* [Task directions]
Reproduce the closing run of lines below verbatim, from the line that contains "Some of the words" up to and including the final line.

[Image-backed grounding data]
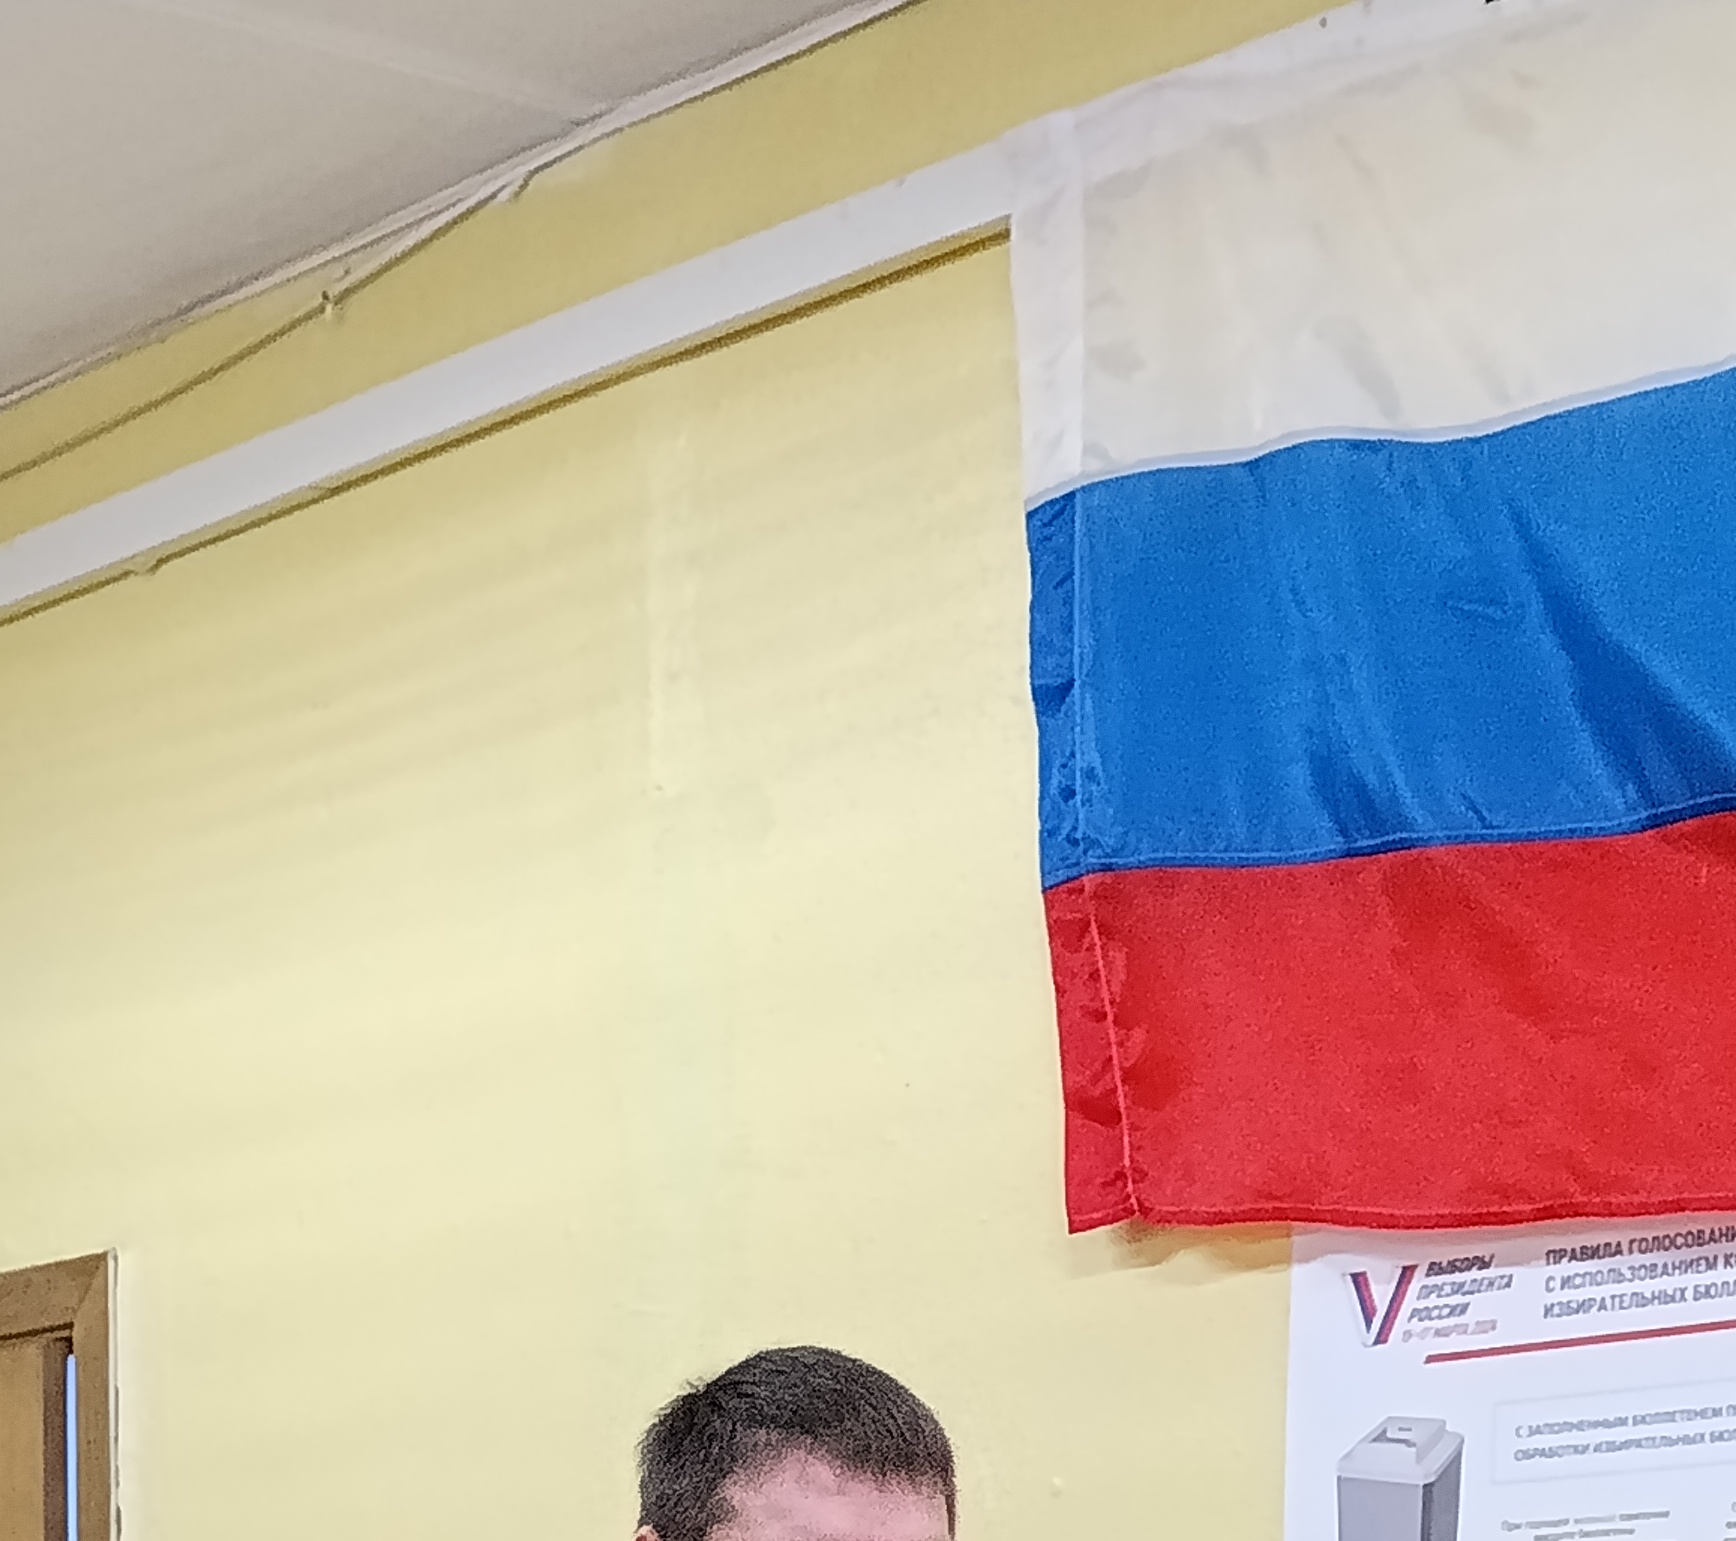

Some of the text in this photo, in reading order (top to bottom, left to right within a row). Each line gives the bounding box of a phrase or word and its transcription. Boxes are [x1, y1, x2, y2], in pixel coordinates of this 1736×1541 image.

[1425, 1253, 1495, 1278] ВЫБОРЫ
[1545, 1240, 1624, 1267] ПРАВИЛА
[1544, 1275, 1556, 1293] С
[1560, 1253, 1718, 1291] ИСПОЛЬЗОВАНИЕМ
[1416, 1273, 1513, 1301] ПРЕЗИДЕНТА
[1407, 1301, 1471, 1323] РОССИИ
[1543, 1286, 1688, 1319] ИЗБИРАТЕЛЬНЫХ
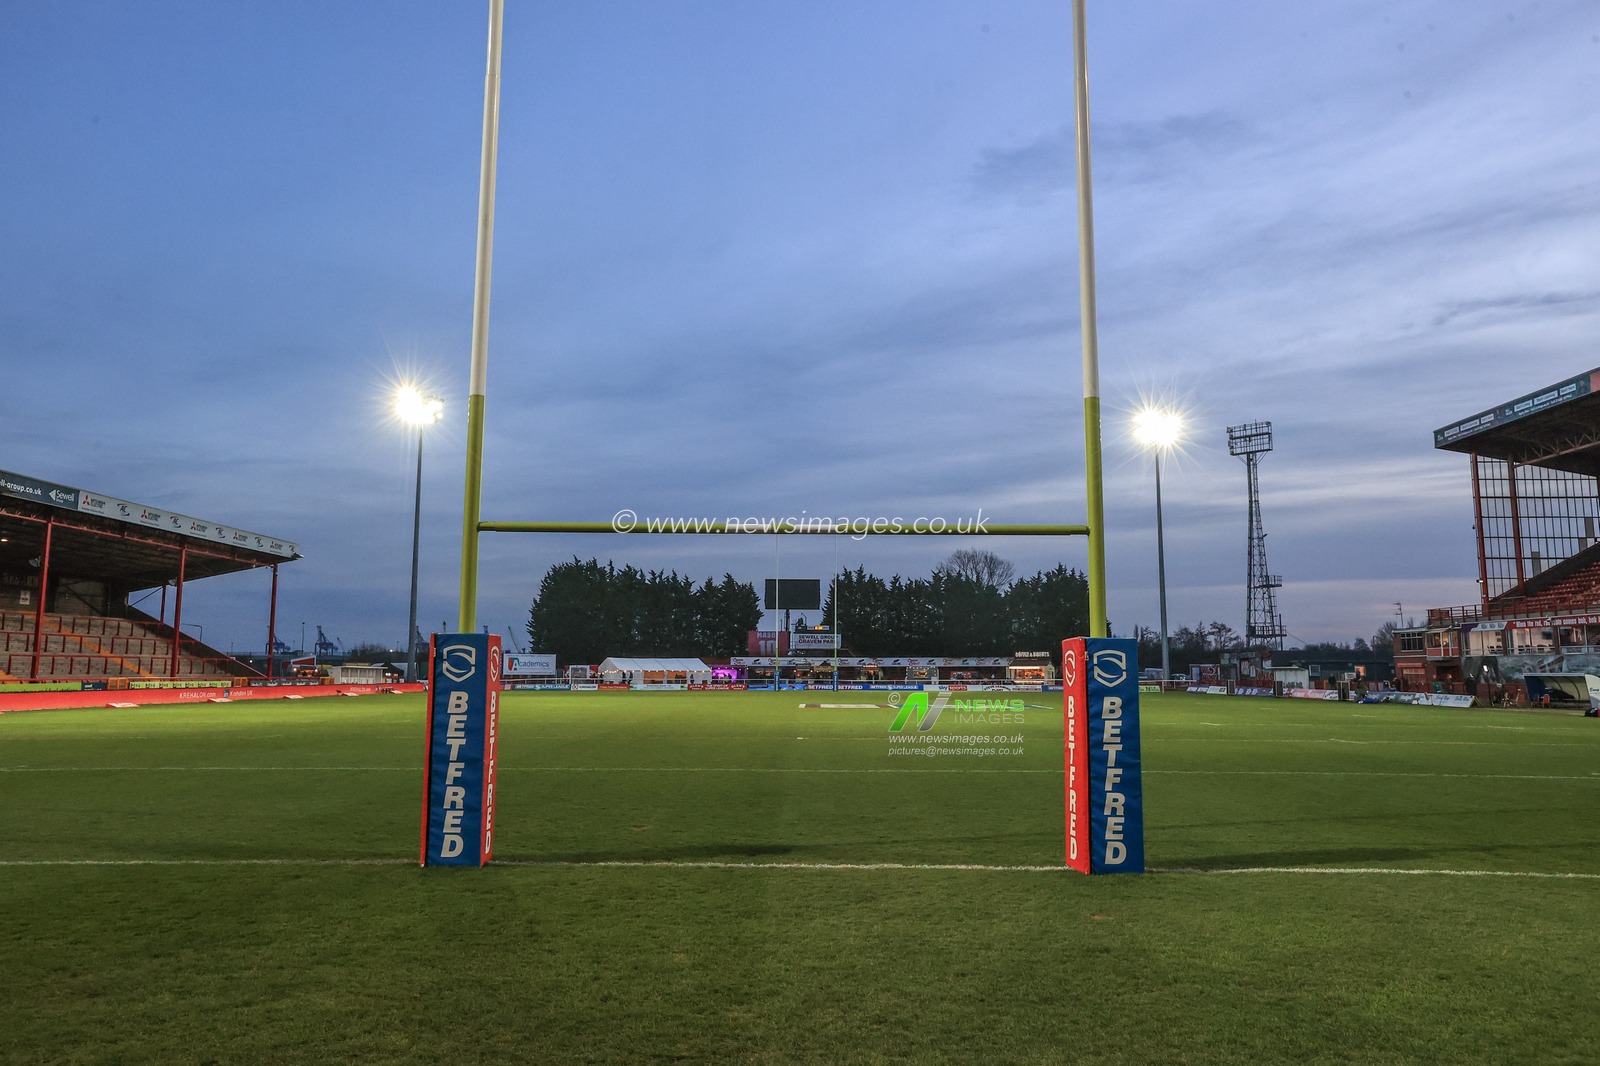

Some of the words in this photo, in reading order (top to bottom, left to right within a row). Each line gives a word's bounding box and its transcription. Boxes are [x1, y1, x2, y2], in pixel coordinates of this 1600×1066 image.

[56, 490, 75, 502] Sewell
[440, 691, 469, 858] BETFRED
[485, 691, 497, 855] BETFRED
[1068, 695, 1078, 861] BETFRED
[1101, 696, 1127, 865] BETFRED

* [Reply to the exercise]
Some of the words in this photo, in reading order (top to bottom, left to right within a row). Each line gives a word's bounding box and its transcription. Boxes are [x1, y1, x2, y2], in pixel coordinates of this 1600×1066 image.

[56, 490, 75, 502] Sewell
[440, 691, 469, 858] BETFRED
[485, 691, 497, 855] BETFRED
[1068, 695, 1078, 861] BETFRED
[1101, 696, 1127, 865] BETFRED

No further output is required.